If your web site needs to have user authentication then most likely it will require user name and password to authenticate user accesses. However as computer system have increased in complexity, so has authenticating users has also increased. As a result the code reviewer needs to be aware of the benefits and drawbacks of user authentication referred to as “Direct Authentication” pattern in this section. This section is going to emphasis design patterns for when users forget user id and or password and what the code reviewer needs to consider when reviewing how user id and passwords can be retrieved when forgotten by the user and how to do this in a secure manner.
- The identity and shared secret/password must be transferred using encryption to provide data confidentiality. HTTPS should also be used but in itself should not be the only mechanism used for data confidentiality.

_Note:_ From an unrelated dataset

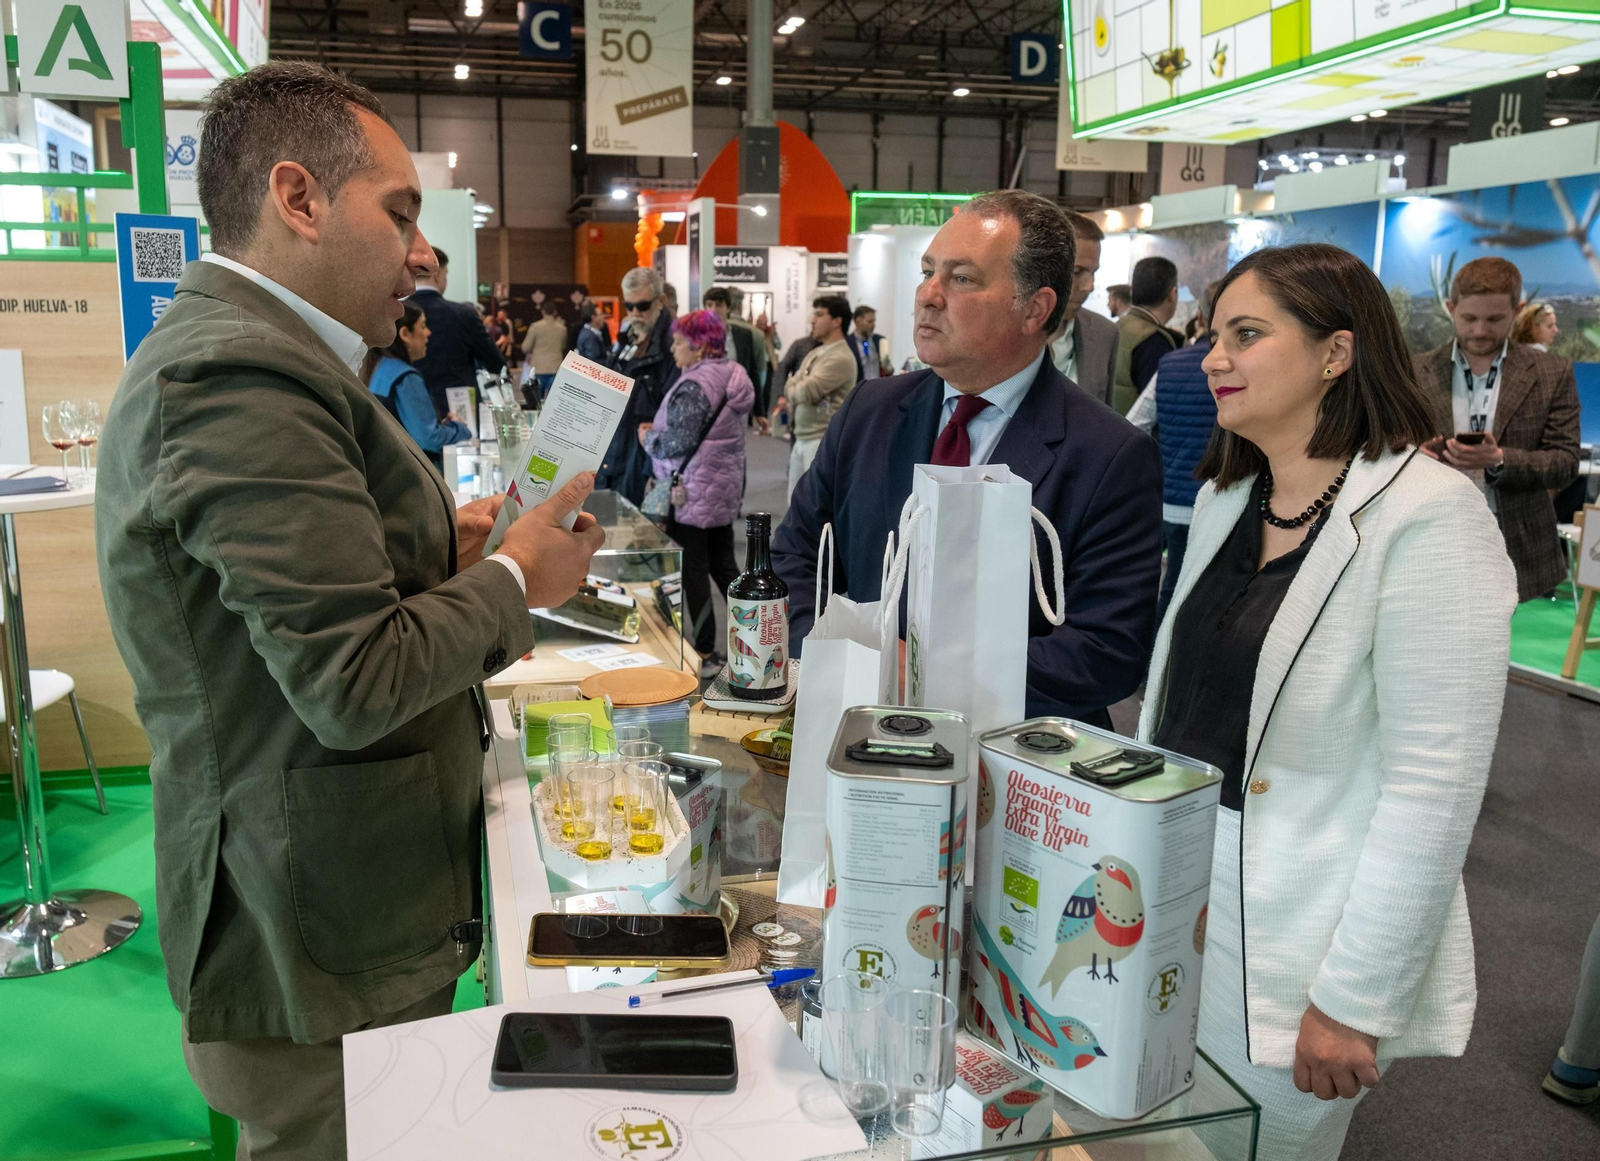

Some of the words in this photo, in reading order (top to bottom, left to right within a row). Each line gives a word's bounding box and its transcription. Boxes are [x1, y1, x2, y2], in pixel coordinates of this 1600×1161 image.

- A shared secret can never be stored in clear text format, even if only for a short time in a message queue.
- A shared secret must always be stored in hashed or encrypted format in a database.
- The organization storing the encrypted shared secret does not need the ability to view or decrypt users passwords. User password must never be sent back to a user.
- If the client must cache the username and password for presentation for subsequent calls to a Web service then a secure cache mechanism needs to be in place to protect user name and password.
- When reporting an invalid entry back to a user, the username and or password should no be identified as being invalid. User feed back/error message must consider both user name and password as one item “user credential”. I.e. “The username or password you entered is incorrect.”